Obviously, as with all areas of law, the primary role of an attorney in representing a Federal disability retirement applicant (aside from the obvious role of obtaining the disability retirement annuity), is to render useful and effective advice in the representation of the Applicant’s submission before the Office of Personnel Management.

Often, however, in the process of performing such a role, engagement with the Federal or Postal employee’s Agency and supervisor is inevitable and necessary. The timing of such an engagement is crucial. Attorneys need to be careful that his or her representation is not only rendering good advice; further, it needs to be effective.

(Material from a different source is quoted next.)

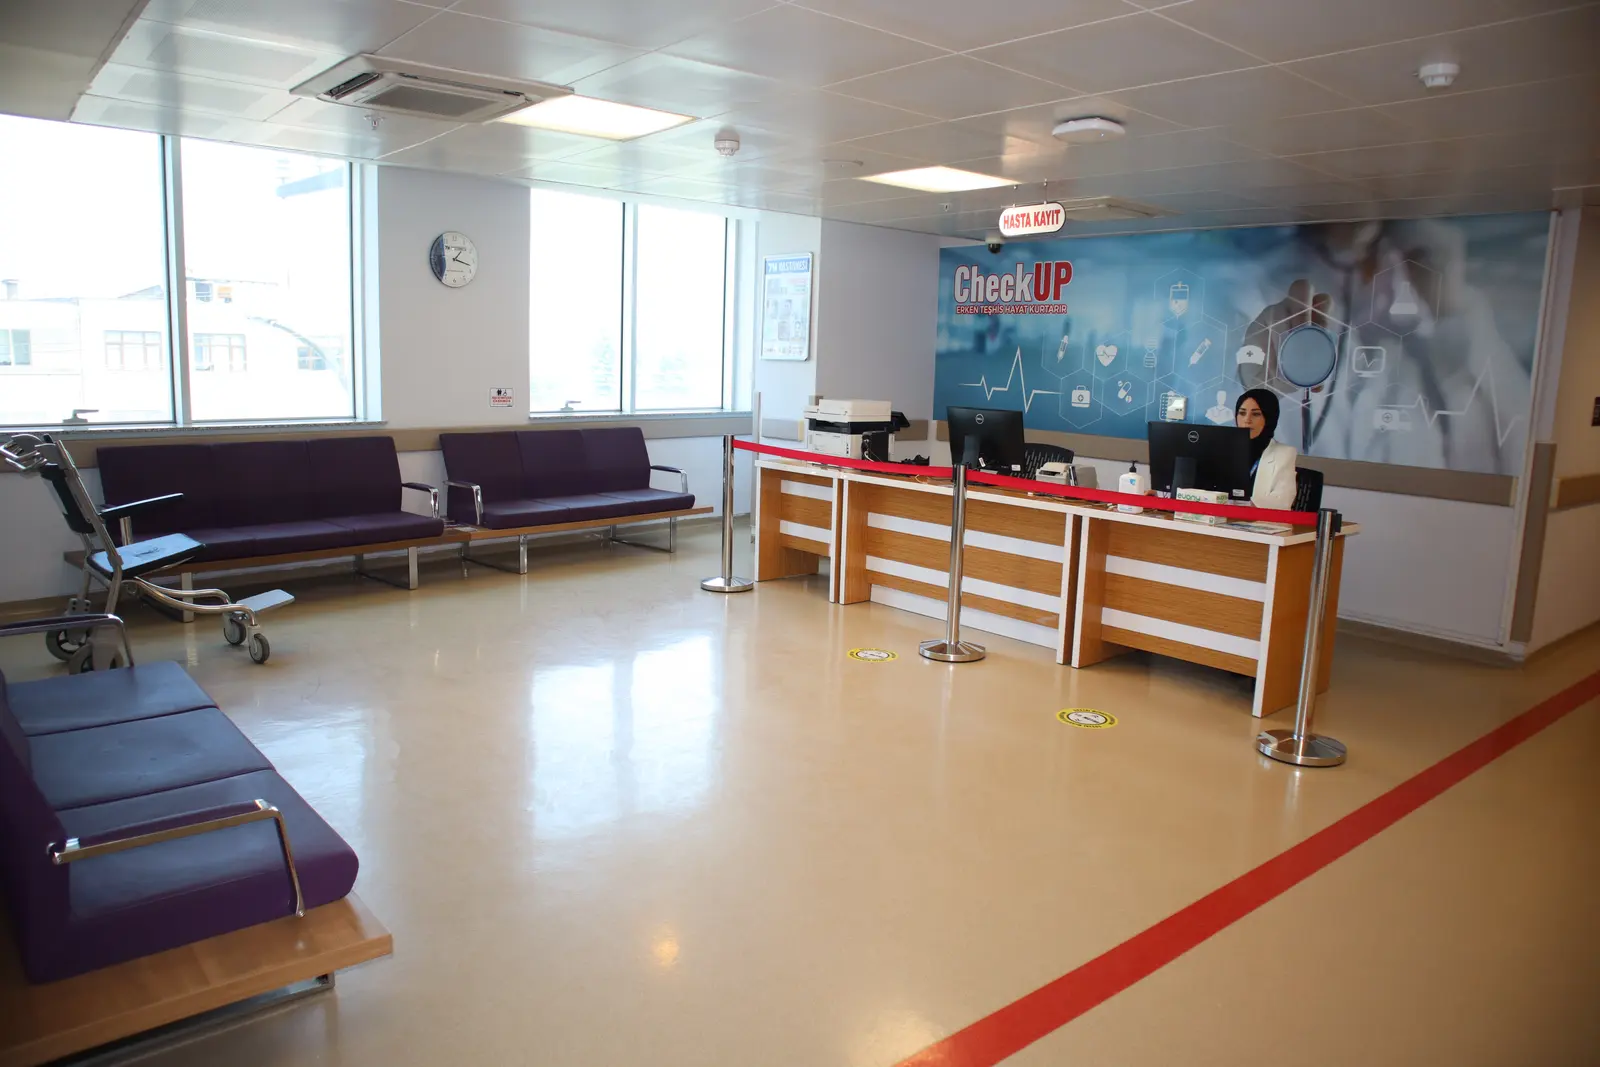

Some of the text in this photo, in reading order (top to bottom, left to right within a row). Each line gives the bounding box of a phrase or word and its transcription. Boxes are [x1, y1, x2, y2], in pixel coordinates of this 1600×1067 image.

[1003, 209, 1061, 229] HASTA KAYIT
[954, 261, 1073, 304] CheckUP
[956, 303, 1068, 317] ERKEN TEŞHİS HAYAT KURTARIR

As hard as it is for an attorney to admit, sometimes it is better for a Federal Disability Attorney to take a “back-seat” role, and quietly advise the client but allow the client to deal with the Agency. Indeed, an Agency will often begin to act irrationally, unnecessarily confrontationally, and further, complicate matters by involving their Agency counsel in the matter. In such a simple matter as informing the Agency that the employee is in the process of preparing a disability retirement application — sometimes it is better for the employee to bring it up with his or her supervisor, without the direct involvement of the attorney, especially if the Federal employee has a good working relationship with the Supervisor.

Part of the job of the Attorney is to render good advice — and that sometimes means, taking a back seat.